Some of the causes for revision are just jaw-dropping. The neighborhood debacle is an epic Fail. This is what I had in mind when I wrote
I know would-be game designers whose ramblings-over-beer-after-class had a more cohesive structure than we've seen here.
This is a use of hyperbole to make a point - not a statement that I'm seeking "advice". The point being: the professional game designers here were so short-sighted that they structured the game around neighborhoods - and shockingly are continuing to do so via Tournaments. This failure to calculate retention probabilities wouldn't be acceptable in a university-level project, so it's a remarkably telltale error for a team of experienced professionals to make.

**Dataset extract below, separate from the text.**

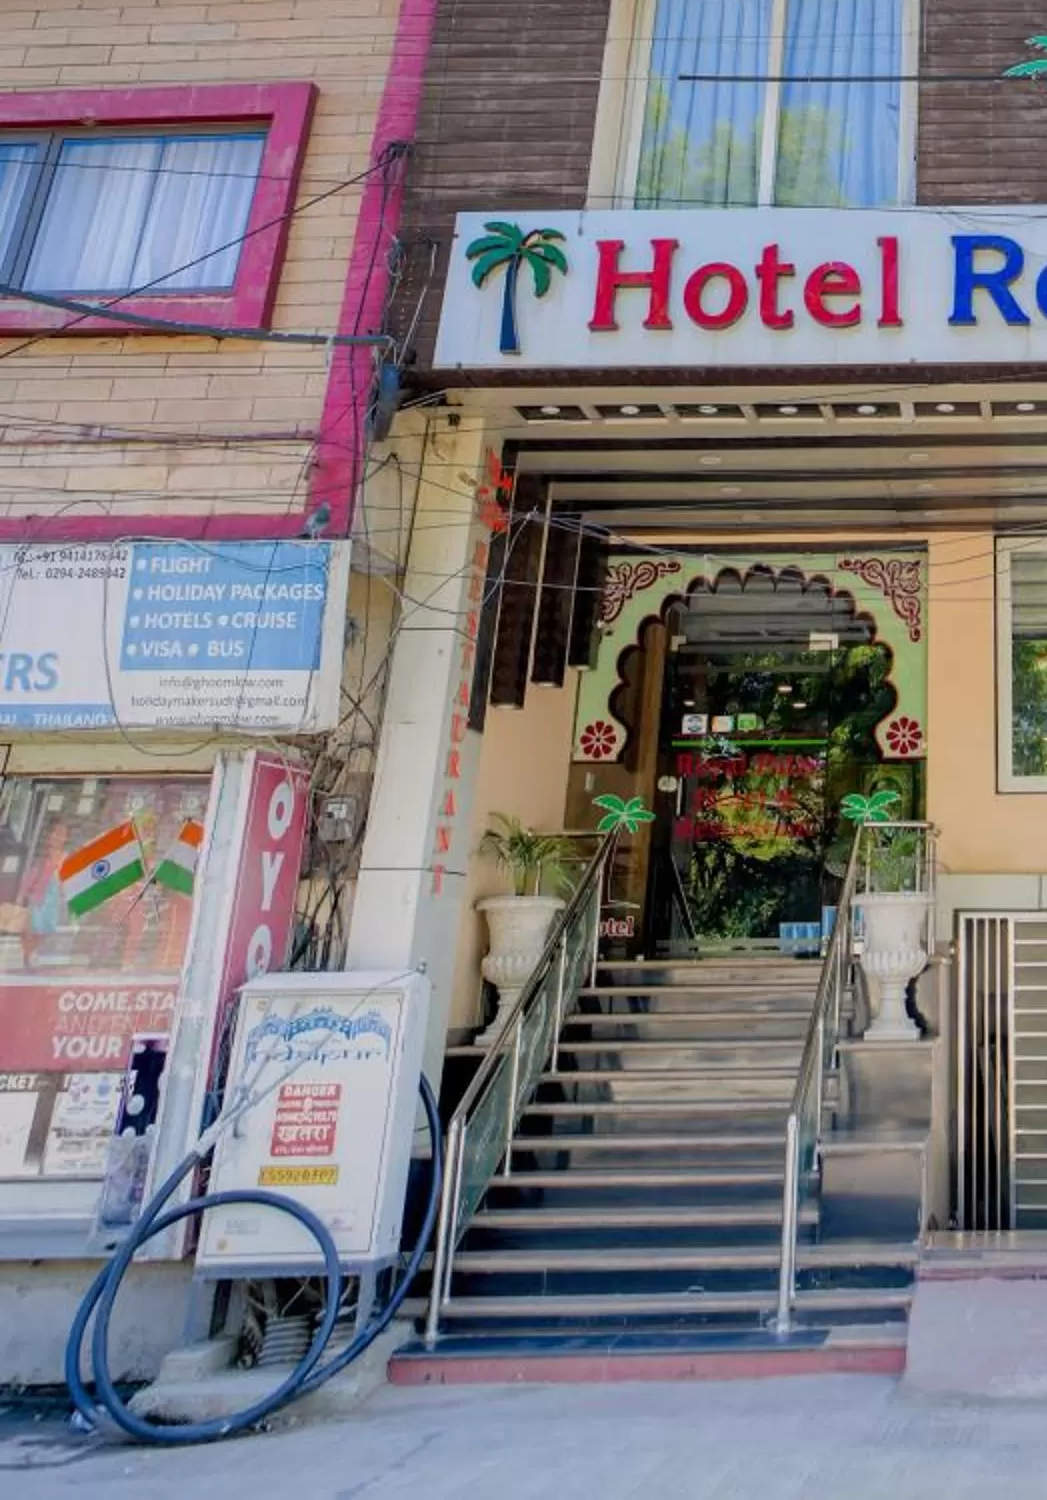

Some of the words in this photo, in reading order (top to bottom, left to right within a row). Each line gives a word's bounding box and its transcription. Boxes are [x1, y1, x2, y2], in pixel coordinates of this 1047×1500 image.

Even so, I'd prefer to just say "to err is human" and stop harping. That would be simple, if they had realized the mistake, and then set about correcting it straight away with a modest little acknowledgement. Instead, we're 18 months in, they've released Tournaments around failed neighborhoods...and still you suggest that I "can't know if they're...behind schedule". So there must be a schedule somewhere, stating 18+ months as the projected date for correcting neighborhoods? And an intentional schedule for Fairy stating "release new fighting units x months after"...Please. It's more likely, from what we've seen, that there's very little schedule at all. They're having to revise code- an exponentially more difficult task than writing original code. Sure, they have goals / targets, but hopefully they're aiming for bug-free code over timetables.